According to Kos, the original headline on that CBS news article was "Ky. Vote May Signal Nation's Mood." I suppose they changed it to avoid charges of "liberal bias," but I think the original headline was perfectly justified. This wasn't just any Congressional election - both parties targeted the election as a major priority, and both candidates presented the race as a referendum on the Bush Administration's policies:
Chandler’s opponent, the Republican state senator Alice Forgy Kerr, who has tried to turn this race into a referendum on Bush. In fact, she began airing an ad last month that said she and Bush are “cut from the same cloth.”Kerr had all the help she could possibly have had from the national Republican leadership, including a repellent threat from Speaker of the House Dennis Hastert that he would only support a tobacco buyout plan for Kentucky farmers if Kerr were elected. The KY 6th usually votes Republican, so it's great news for the Democrats that Kerr's alliance with the national Republican leadership seems to have hurt more than it helped. Here's Kos again:
“In the governor’s race that Chandler just ran, he made his opposition to Bush a centerpiece,” Kerr’s campaign manager told the Associated Press earlier this month. “Senator Kerr is making an equally big centerpiece out of her support for the president in her campaign.”

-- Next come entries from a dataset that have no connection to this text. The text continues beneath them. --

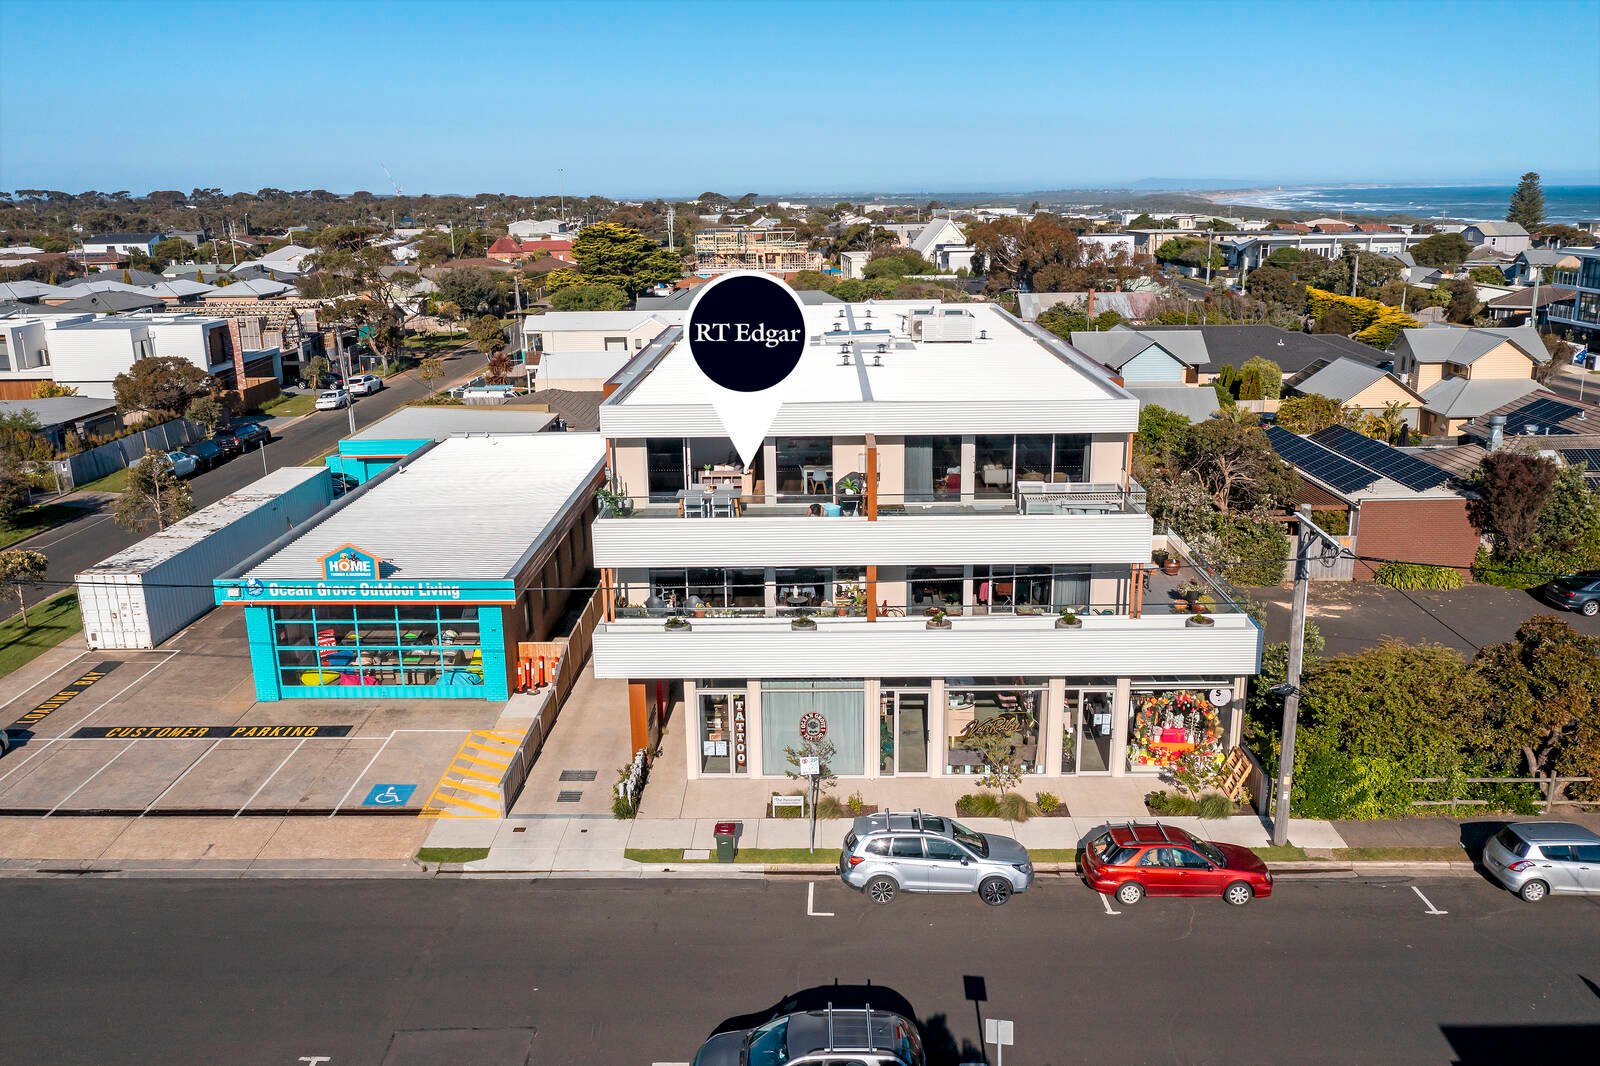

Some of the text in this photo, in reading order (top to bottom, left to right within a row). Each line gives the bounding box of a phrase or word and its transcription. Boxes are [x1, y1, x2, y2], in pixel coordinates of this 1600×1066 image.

[329, 560, 371, 572] HOME
[269, 582, 460, 599] Ocean Grove Outdoor Living
[15, 671, 106, 725] LOADING BAY
[105, 726, 319, 738] CUSTOMER PARKING
[734, 700, 746, 765] TATTOO

But then the polls showed her numbers dropping, despite running in a GOP-majority district. So she was then forced to distance herself from Bush. Bush himself cancelled campaign appearances on her behalf. The "popular" president was suddenly radioactive in solid red territory.I know a lot of Dems who are feeling fatalistic and discouraged about the upcoming election. The results in the KY 6th should be powerfully heartening: it ain't over. If a Democrat can win in Kentucky on a message of lost jobs and Bush failures, Democrats can win nationally. We can't roll over and give in now.
This distancing will reach its absurd conclusion when Cheney holds a fundraiser for Kerr on Saturday, February 7th.
In Illinois.
Seems that Kerr's own internal polling showed a Cheney appearance in her district would hurt more than help.